The first capset line shows the CAP_NET_RAW capability being added to the effective set. The next line tries to create an IPV4 ping socket, which fails as this is gated by the ping_group_range kernel config parameter. It then successfully creates a raw IPV4 network socket instead. The process is repeated for IPV6. The last step is to clear the effective set as ping no longer needs the capabilities once the socket is open.

If the ping binary hadn’t been ‘capability aware’—i.e., didn’t make the capset and capget calls—we still could have used capabilities but would have needed to set the ‘effective bit’ on the file, which automatically adds permitted capabilities to the effective set. This would have been a one-character change to the previous command:


$ setcap 'cap_net_raw+ep' ./ping

The syntax is a bit confusing; the ‘e' isn’t adding the capability to the effective set, it’s setting the effective bit on the binary. As you can see by referring to the table at the start of the post, setting the effective bit will copy all capabilities from the permitted set into the effective set when the process starts. This is slightly less secure than doing capset in the executable, as the capabilities are ‘live’ for longer, but it means that we can apply capabilities to binaries that know nothing about them and avoid giving them full setuid privileges.

Special Root Rules

Something that I’m not going to cover in this blog are the special rules covering what happens with inheriting capabilities when switching from root. I haven’t investigated this fully and there seems to be a lot of different interactions that have to be considered (e.g., running setuid binaries as different users).

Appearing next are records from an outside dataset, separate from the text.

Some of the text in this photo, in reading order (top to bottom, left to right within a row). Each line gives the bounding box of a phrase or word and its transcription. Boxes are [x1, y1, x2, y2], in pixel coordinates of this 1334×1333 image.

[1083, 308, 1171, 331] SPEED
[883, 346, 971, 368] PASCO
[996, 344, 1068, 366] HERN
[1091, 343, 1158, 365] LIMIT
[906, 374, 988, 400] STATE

One thing you will notice is the ‘securebits flags’ that are set per thread and control how capabilities are inherited when changing from or to UID 0. A full explanation is in the man capabilities page.

Creating Semi-Privileged Environments

OK, so what about the ambient and inheritable sets? The idea behind these is to allow us to create environments (in the sense of process trees or namespaces) that allow certain capabilities to be used.

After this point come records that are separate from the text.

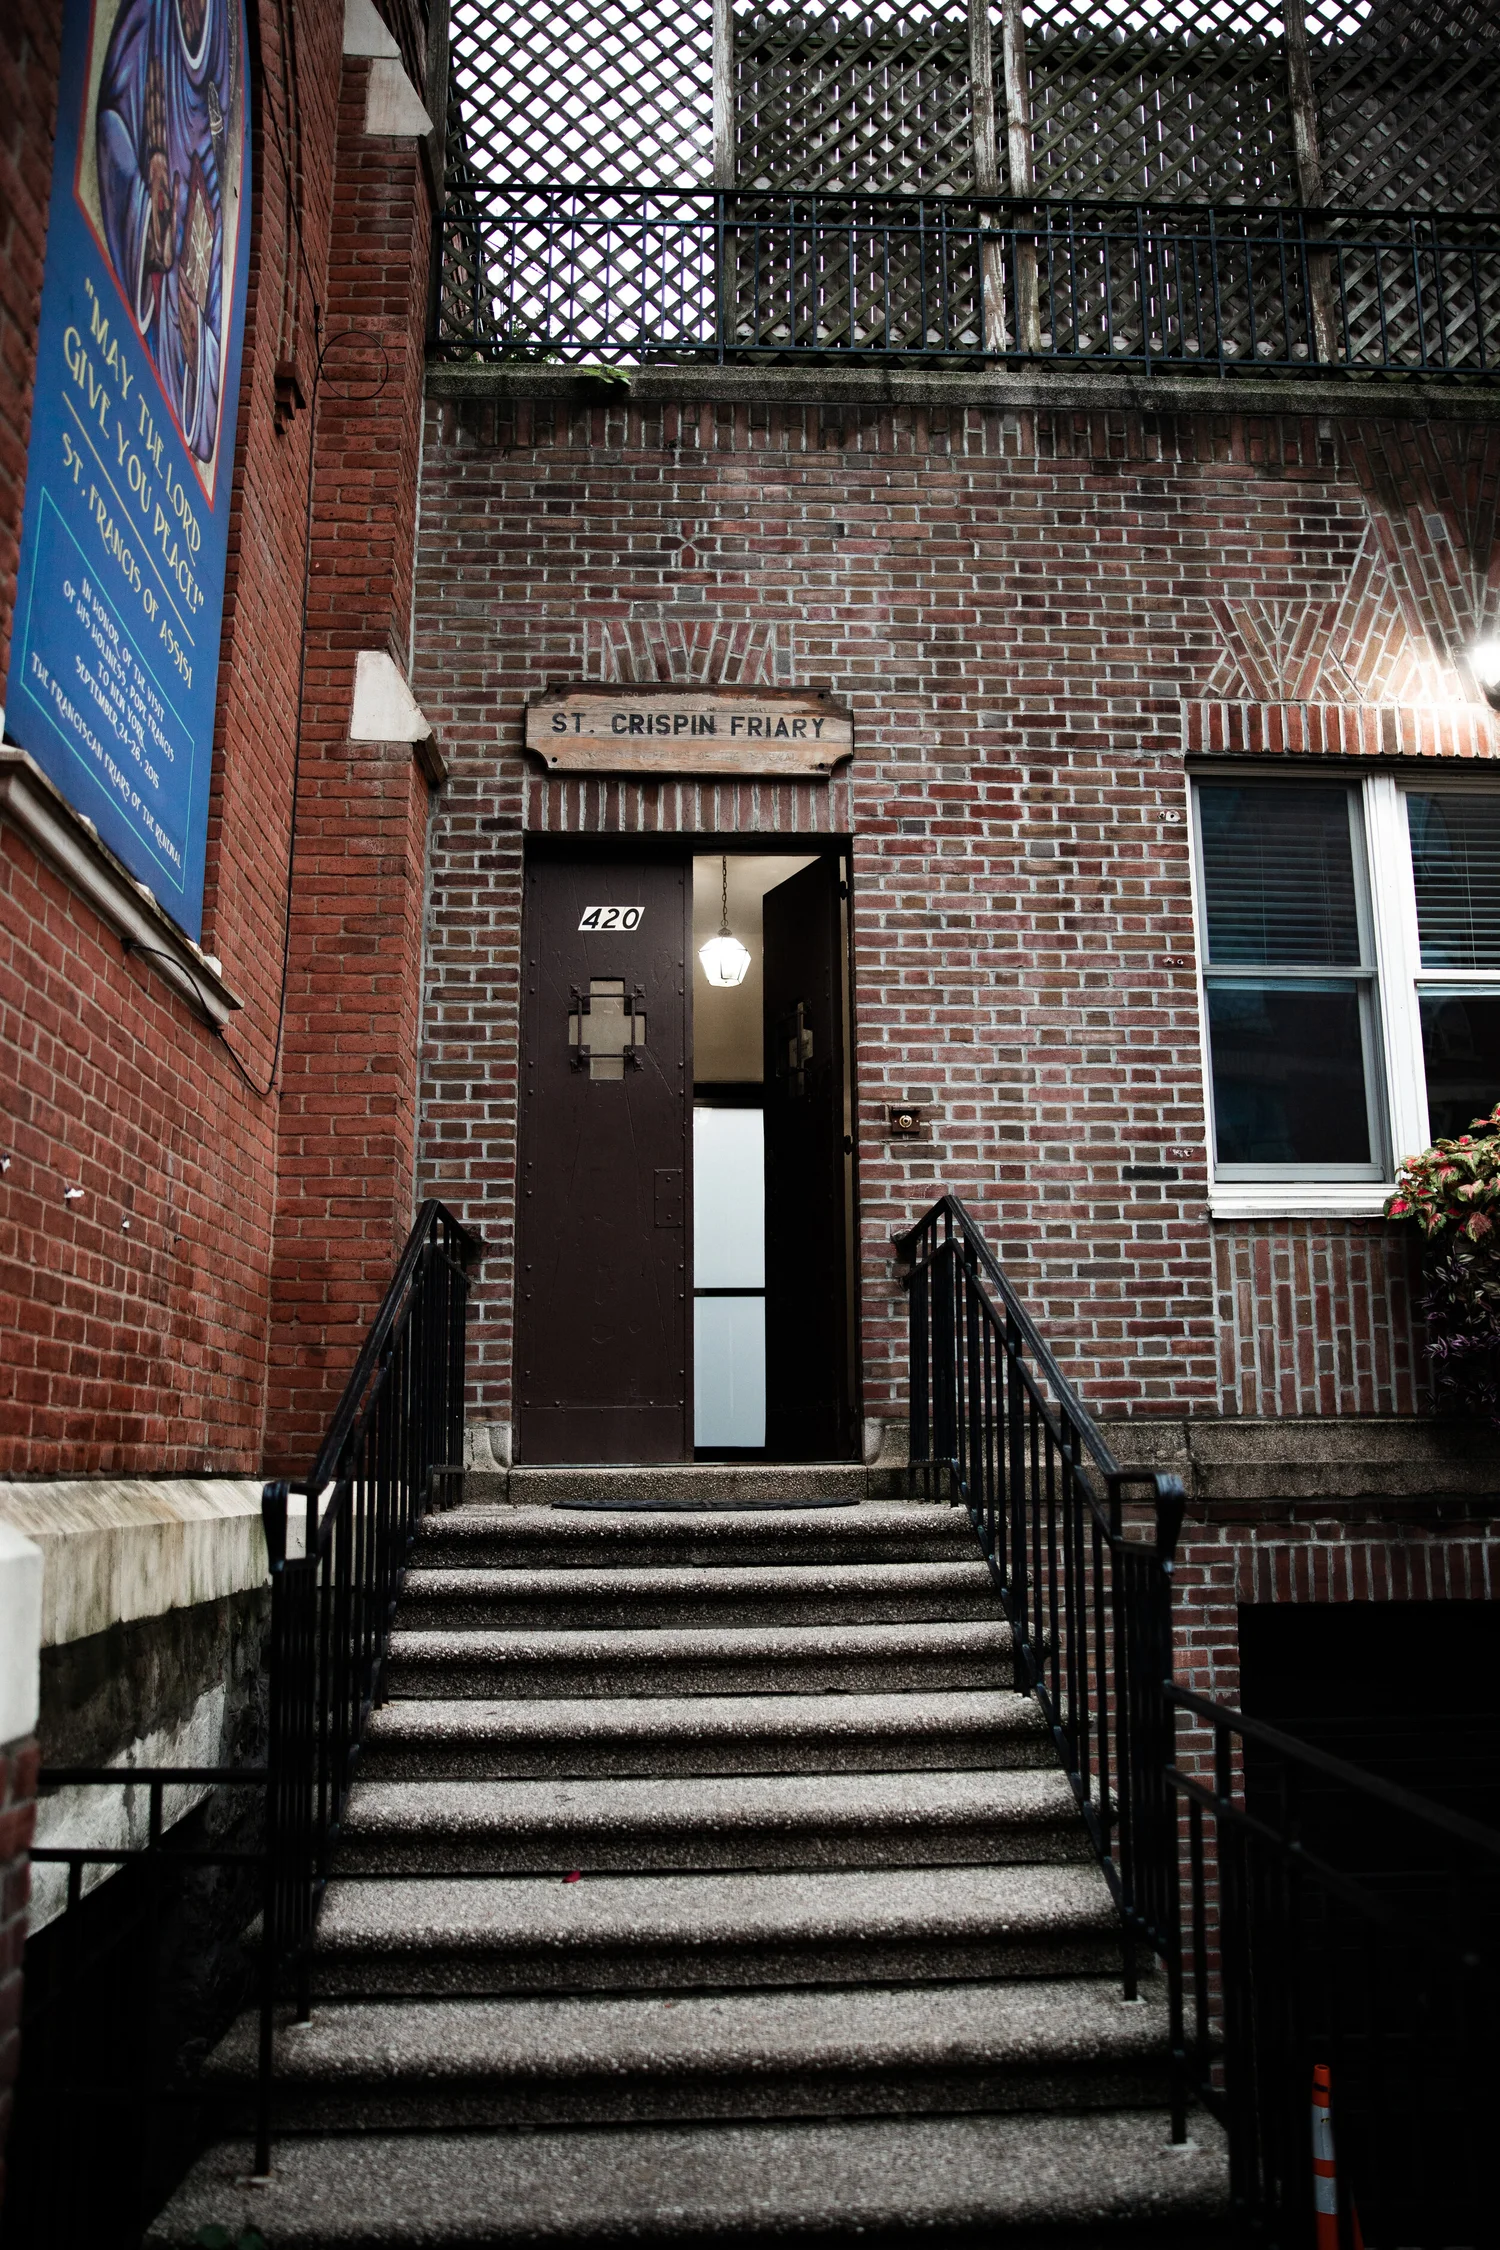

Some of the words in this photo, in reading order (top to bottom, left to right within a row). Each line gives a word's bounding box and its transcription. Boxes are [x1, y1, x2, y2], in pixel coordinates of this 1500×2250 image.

[64, 326, 110, 438] GIVE
[118, 421, 152, 513] YOU
[138, 393, 164, 479] THE
[166, 463, 200, 567] LORD
[82, 577, 92, 603] IN
[92, 596, 120, 660] HONOR
[122, 647, 132, 668] OF
[133, 664, 146, 694] THE
[147, 686, 165, 723] VISIT
[89, 483, 141, 593] FRANCIS
[143, 588, 159, 622] OF
[160, 619, 192, 690] ASSISI
[63, 580, 76, 604] OF
[76, 599, 90, 629] HIS
[130, 685, 147, 722] POPE
[148, 714, 175, 763] FRANCIS
[75, 655, 120, 740] SEPTEMBER
[144, 759, 160, 789] 2015
[98, 660, 110, 687] TO
[110, 680, 126, 714] NEW
[127, 705, 146, 753] YORK
[551, 712, 595, 734] ST.
[611, 713, 716, 736] CRISPIN
[730, 716, 826, 739] FRIARY
[31, 651, 49, 689] THE
[51, 680, 104, 761] FRANCISCAN
[104, 753, 130, 803] FRIARS
[131, 792, 142, 812] OF
[142, 804, 154, 833] THE
[154, 823, 182, 870] RENEWAL
[581, 908, 640, 930] 420

For example, we should be able to create a ‘webserver’ environment that can bind to port 80 by putting CAP_NET_BIND_SERVICE in the ambient capabilities, without requiring any other capabilities or running as the root user (note that there other solutions to this problem, such as using sysctl net.ipv4.ip_unprivileged_port_start). The webserver can be started from an interpreter or helper script and won’t require the setting of file privileges.

Let’s take a look at how to do this. I’ve created a short program set_ambient that simply uses the cap-ng library to add the CAP_NET_BIND_SERVICE capability to the ambient set of a new process. Once compiled, we need to give it file privileges so that it has the correct capability:


$ sudo setcap cap_net_bind_service+p set_ambient
$ getcap ./set_ambient
./set_ambient = cap_net_bind_service+p
We can see how it works:

$ ./set_ambient /bin/bash
Starting process with CAP_NET_BIND_SERVICE in ambient
$ grep Cap /proc/$BASHPID/status
CapInh: 0000000000000400
CapPrm: 0000000000000400
CapEff: 0000000000000400
CapBnd: 0000003fffffffff
CapAmb: 0000000000000400
$ capsh --decode=0000000000000400
0x0000000000000400=cap_net_bind_service
$ exit

Note that for a capability to be in the ambient set, it must also be in the permitted and inheritable sets.

I’ve also created a simple Go web server that binds to port 80. We won’t give this executable file capabilities or run it as root. If we run it normally:


$ ./server
2019/09/09 13:42:06 listen tcp :80: bind: permission denied

It fails as it does not have privileges to bind low numbered ports. Let’s try again in our ‘webserver’ environment:


$ ./set_ambient /bin/bash
Starting process with CAP_NET_BIND_SERVICE in ambient
$ ./server &
[1] 2360
$ curl localhost:80
Successfully serving on port 80
$ kill 2360
$ exit

Success! We could have called `./set_ambient server` directly, but I wanted to make the point that child processes also automatically inherit the capability. The bash shell with ambient capabilities effectively becomes a semi-privileged environment, where we can not only run webservers but also supporting scripts and programs, etc., which may in turn launch the webserver.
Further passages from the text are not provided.